Against Long Odds ... Art: Injured Man Inspires

MADISON, Miss. (AP) — Dr. Angela Jones knew William Flewellen Heard's art would bring life to her family medicine practice at Baptist Medical Clinic when she saw his vibrant paintings hanging at Mississippi Medical Massage Therapy.

"In medicine, we see so many bad things, and we need something positive and happy," said Jones, a partner with Dr. Cynthia Garrett.

On a Thursday, Jones' massage therapist, Michael Boren, helped his friend Heard donate 22 pieces to hang in the halls, waiting room and exam rooms of the clinic.

Heard said he was honored to share his work with Baptist Medical Clinic. The 37-year-old Tupelo resident has been around art all his life and found his purpose after an automobile accident left him quadriplegic. Just being alive motivates Heard to paint. He paints so much that his electric wheelchair is a splattered hybrid of colors, and he uses over a gallon of paint on one canvas.

"I thank God every day that I'm here," he said. "Hospitals saved my life, so anytime I can brighten up the walls of a hospital is a good thing."

Heard's colorful and exuberant work includes abstracts, homes and landscapes, flowers, people, and butterflies. Butterflies are his trademark because they symbolize rebirth, something he experienced on March 14, 2000.

On that day in Tupelo, the auto accident threw Heard from the vehicle — he was unrestrained — breaking vertebrae in his neck. After three months in intensive care at Northeast Mississippi Medical Center in Tupelo, he was transferred to the Shepherd Center in Atlanta to begin rehab as a quadriplegic. In two years time he had to regain independence, strengthening himself mentally and physically with the help of therapists.

One such therapy was art, something Heard dabbled in as a teenager. He would spray paint baskets and children's furniture his mother decorated and sold at her store but never used a paintbrush. At Shepherd, Heard learned to tuck a paintbrush into a cuff, held loosely in his right palm. But frustration at being unable to steady the brush discouraged him and he sank into depression. Then he watched "Pollock," a film about painter Jackson Pollock and saw a dripping technique he wanted to try.

Thanks to surgery on his right wrist, Heard can grip a plastic spoon stuck in a Styrofoam ball to drizzle paint onto canvas, producing multi-colored streams and clumps. Before the accident, Heard was an athlete, enlisted in the Army National Guard and attended Mississippi State University for a degree in general business in furniture production (he finished there in 2004).

But immersing himself into art brought about a new self-awareness and passion. "I didn't realize how big the art world was, you wouldn't know it unless you were an artist," he said.

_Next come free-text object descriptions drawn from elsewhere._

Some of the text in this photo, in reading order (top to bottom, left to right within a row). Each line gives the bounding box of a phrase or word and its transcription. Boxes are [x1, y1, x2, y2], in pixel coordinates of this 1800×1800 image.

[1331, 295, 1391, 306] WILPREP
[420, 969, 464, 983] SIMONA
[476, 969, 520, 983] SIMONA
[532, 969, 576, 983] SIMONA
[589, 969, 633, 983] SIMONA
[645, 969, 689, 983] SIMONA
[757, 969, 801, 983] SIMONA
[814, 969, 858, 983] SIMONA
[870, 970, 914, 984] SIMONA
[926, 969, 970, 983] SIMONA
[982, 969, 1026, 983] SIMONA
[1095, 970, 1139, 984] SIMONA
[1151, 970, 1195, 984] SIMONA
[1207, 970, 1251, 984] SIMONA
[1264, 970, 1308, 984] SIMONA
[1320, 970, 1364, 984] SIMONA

Heard has shown art at galleries and festivals in Charlotte, N.C.; Seaside, Fla.; New Orleans, Tupelo and Jackson. His studio at Daddy's Duck is filled with dozens of colors and magazines he reads for ideas. He's involved in Living Independence for Everyone, a statewide organization for people with disabilities and has a nonprofit, Our Artworks, teaching people with spinal cord injuries and traumatic brain injuries. A grant from Mississippi Department of Rehabilitation Services funds the organization.

"I have students that I teach every week. ... We do all types of art projects, paintings and collages," Heard said. "And I've gone to elementary schools and talk to them about how important it is to wear a safety belt."

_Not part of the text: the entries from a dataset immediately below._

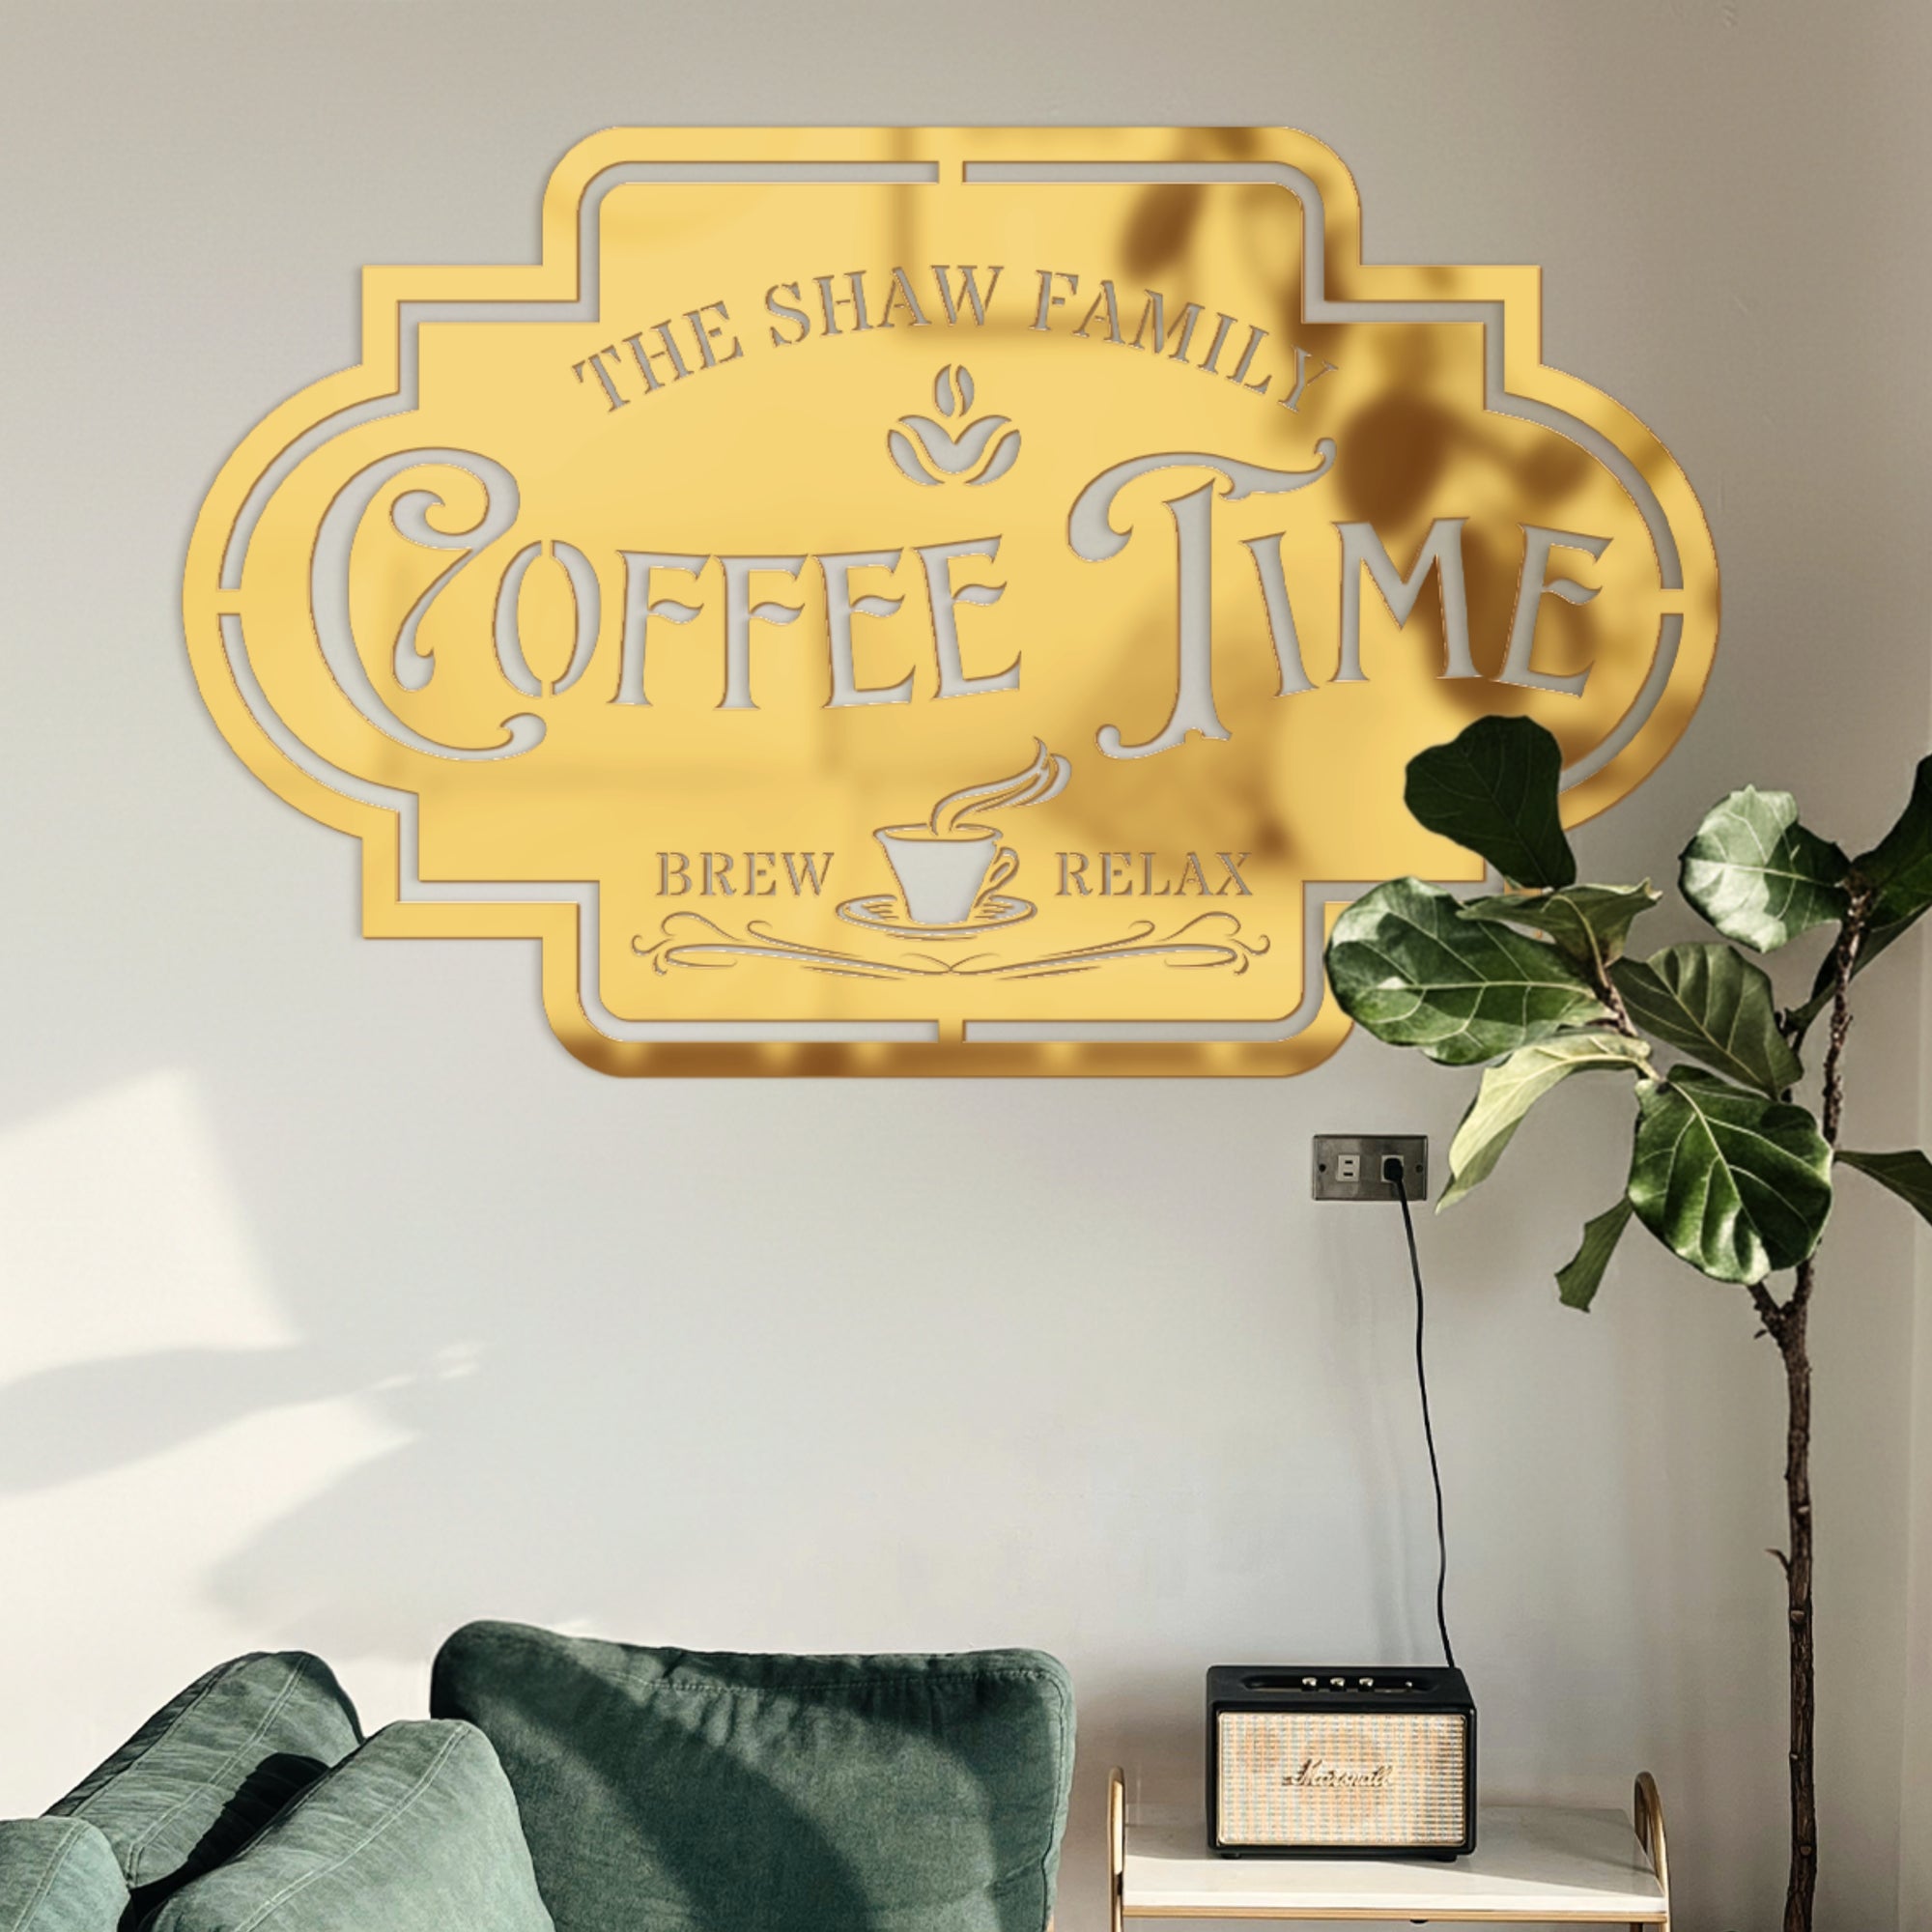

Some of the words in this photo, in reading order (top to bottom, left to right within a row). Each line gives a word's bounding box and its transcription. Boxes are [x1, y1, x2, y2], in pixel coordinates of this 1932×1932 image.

[571, 299, 744, 413] THE
[764, 264, 1005, 349] SHAW
[1028, 269, 1339, 413] FAMILY
[308, 446, 1022, 761] COFFEE
[1067, 437, 1614, 760] TIME
[655, 851, 835, 896] BREW
[1055, 851, 1253, 896] RELAX

As Boren helped hang the artwork around the clinic, Heard signed a painting Jones picked out for the lounge area. From a small cup he held, thick, taffylike paint fell effortlessly onto the canvas and onto his new pair of pants.

"I told William if we just put (his paintings) up in my clinic, one of my clients is going to see them and it will go further and it's going to grow," Boren said. "When you're having a bad day you look at that (painting) and you really can't complain. We appreciate Baptist for letting us display these."